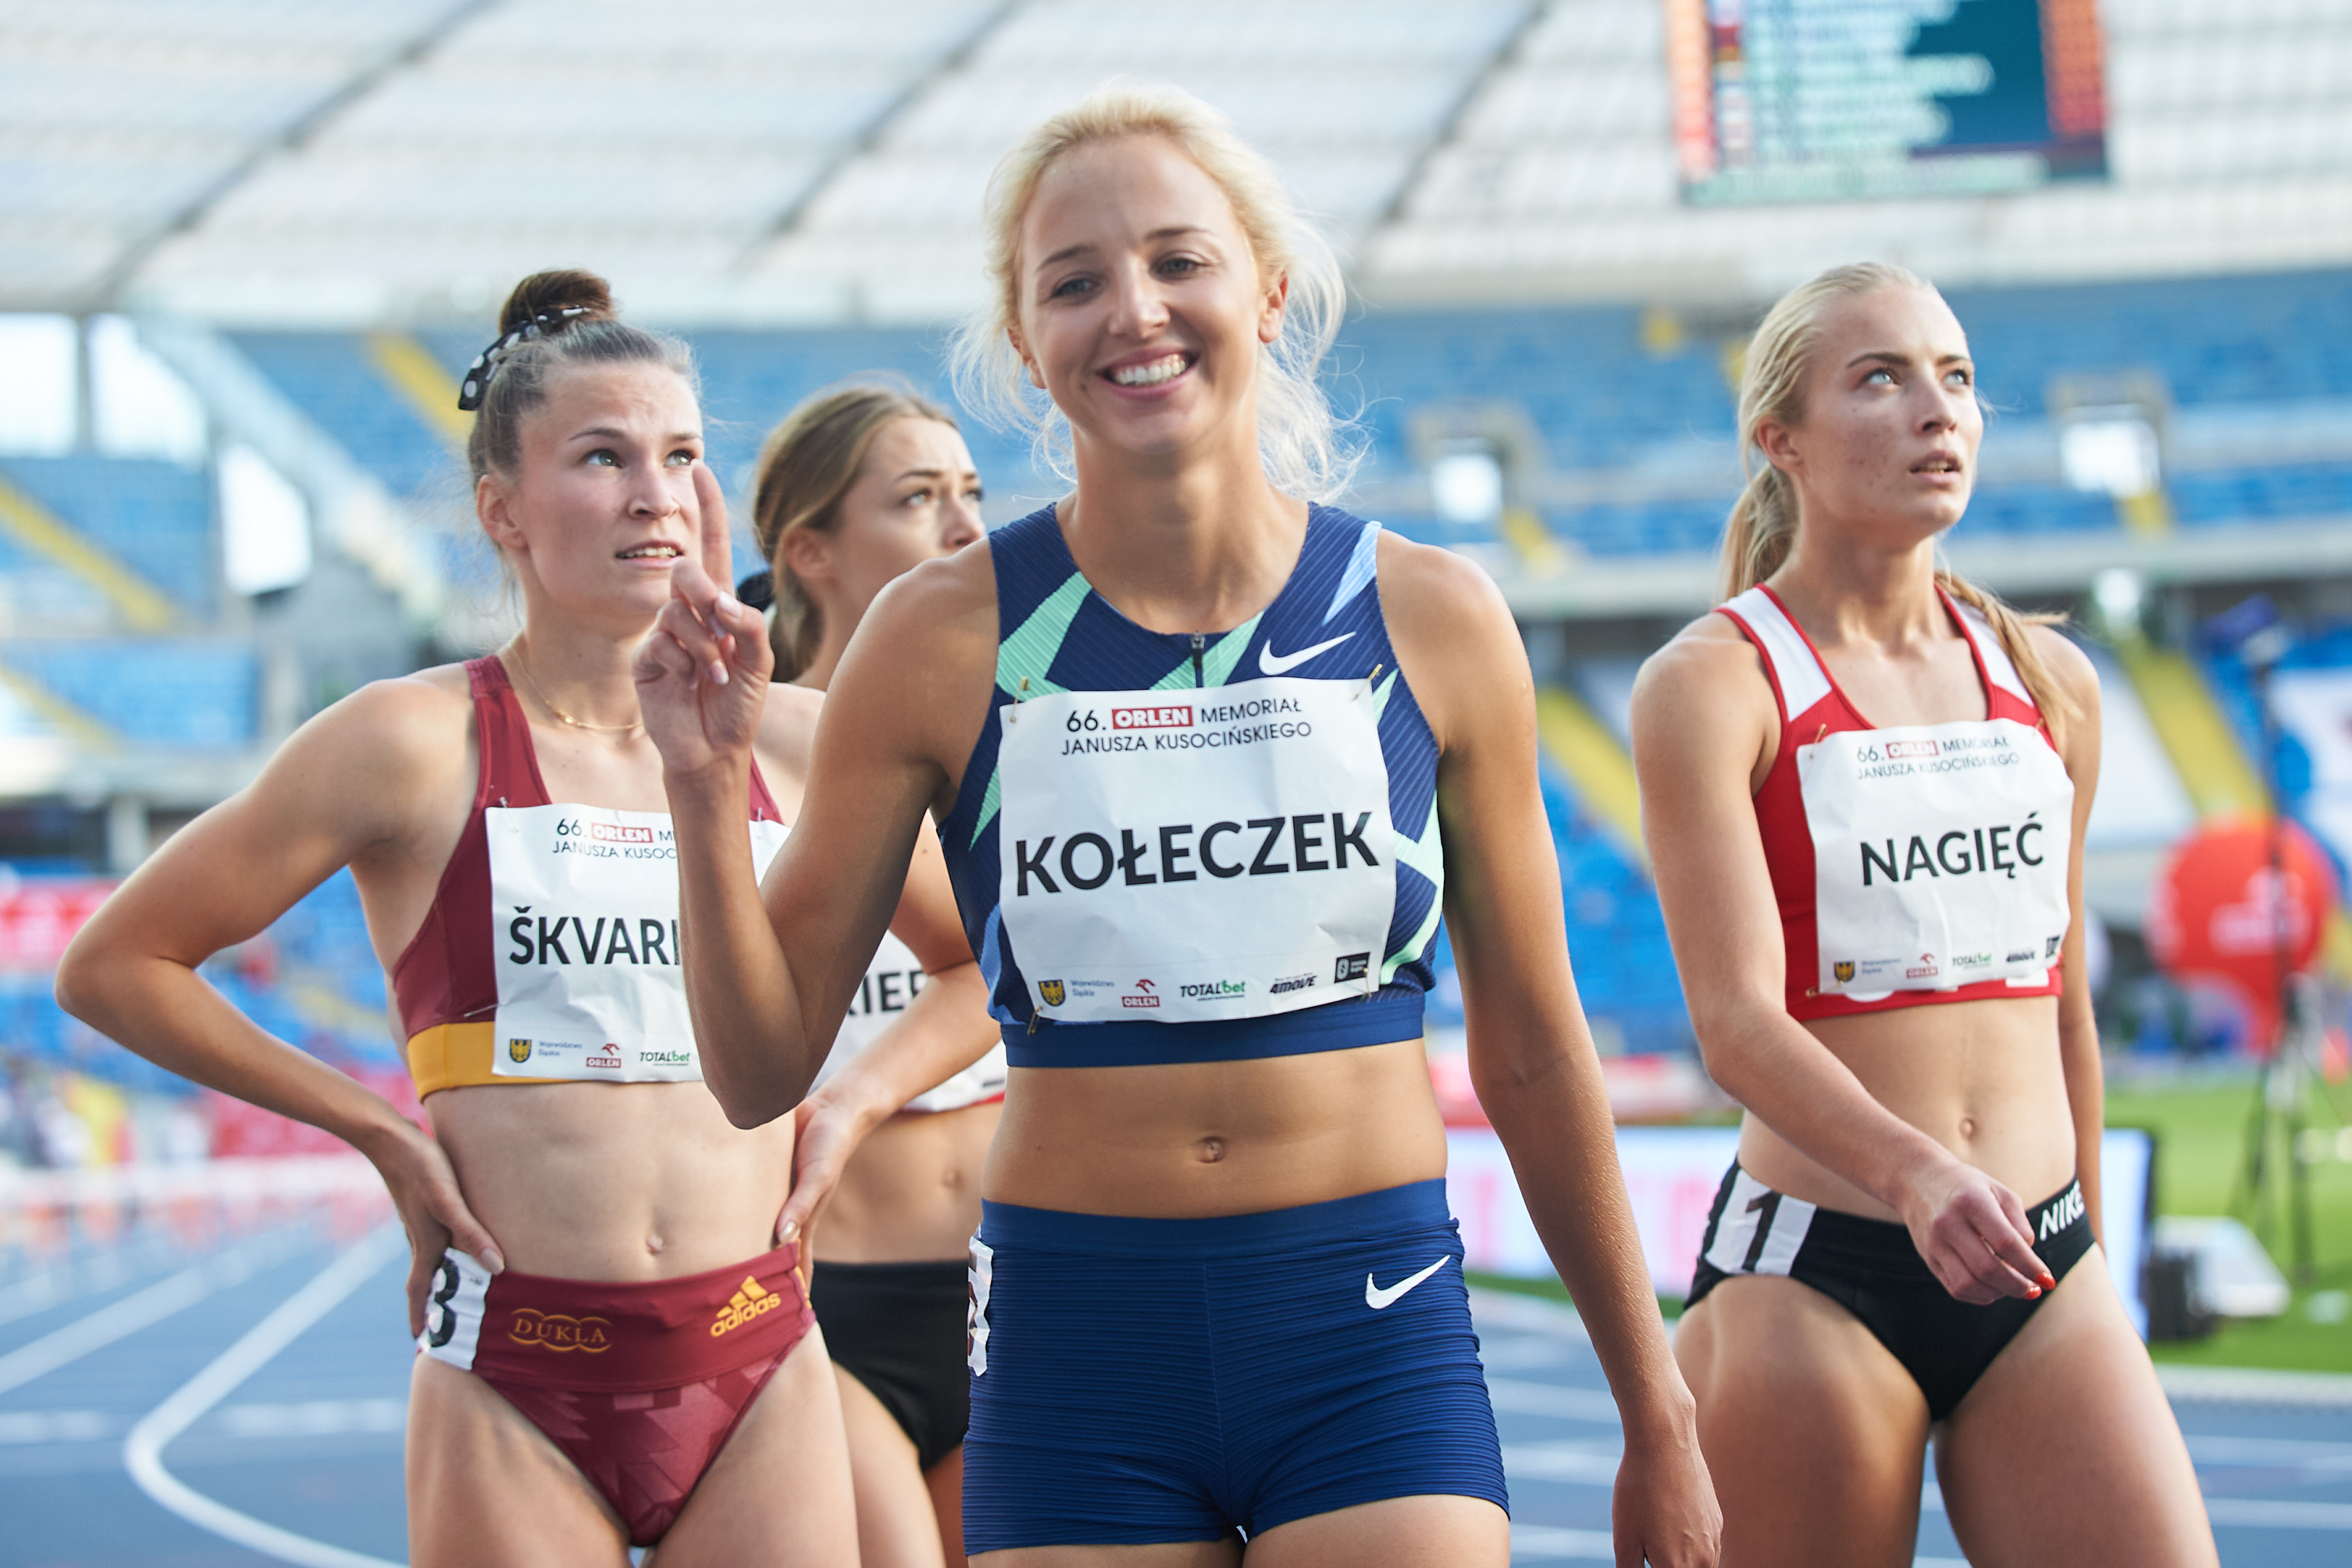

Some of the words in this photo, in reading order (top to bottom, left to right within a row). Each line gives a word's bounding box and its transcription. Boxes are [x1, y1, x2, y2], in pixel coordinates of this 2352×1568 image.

[1067, 710, 1106, 732] 66.
[1115, 708, 1192, 728] ORLEN
[1201, 698, 1302, 723] MEMORIAŁ
[1062, 736, 1148, 755] JANUSZA
[1155, 722, 1311, 750] KUSOCIŃSKIEGO
[1857, 745, 1885, 762] 66.
[1942, 736, 2010, 752] MEMORIAŁ
[1858, 762, 1916, 779] JANUSZA
[557, 819, 587, 838] 66.
[593, 825, 651, 842] ORLEN
[553, 841, 619, 858] JANUSZA
[1016, 811, 1379, 896] KOŁECZEK
[1860, 811, 2044, 887] NAGIĘĆ
[1181, 980, 1245, 997] TOTALbet
[1124, 997, 1158, 1007] ORLEN
[587, 1058, 620, 1067] ORLEN
[640, 1050, 690, 1062] TOTALbet
[2040, 1179, 2085, 1241] NIKE
[1742, 1190, 1783, 1271] 1
[710, 1292, 781, 1337] adidas
[514, 1318, 607, 1343] DUKLA

● ● ●

**Problem to solve**
All of the material must be repeated exactly in the answer, apart from the pictures.

**Solution to the problem**
Some of the words in this photo, in reading order (top to bottom, left to right within a row). Each line gives a word's bounding box and its transcription. Boxes are [x1, y1, x2, y2], in pixel coordinates of this 2352×1568 image.

[1067, 710, 1106, 732] 66.
[1115, 708, 1192, 728] ORLEN
[1201, 698, 1302, 723] MEMORIAŁ
[1062, 736, 1148, 755] JANUSZA
[1155, 722, 1311, 750] KUSOCIŃSKIEGO
[1857, 745, 1885, 762] 66.
[1942, 736, 2010, 752] MEMORIAŁ
[1858, 762, 1916, 779] JANUSZA
[557, 819, 587, 838] 66.
[593, 825, 651, 842] ORLEN
[553, 841, 619, 858] JANUSZA
[1016, 811, 1379, 896] KOŁECZEK
[1860, 811, 2044, 887] NAGIĘĆ
[1181, 980, 1245, 997] TOTALbet
[1124, 997, 1158, 1007] ORLEN
[587, 1058, 620, 1067] ORLEN
[640, 1050, 690, 1062] TOTALbet
[2040, 1179, 2085, 1241] NIKE
[1742, 1190, 1783, 1271] 1
[710, 1292, 781, 1337] adidas
[514, 1318, 607, 1343] DUKLA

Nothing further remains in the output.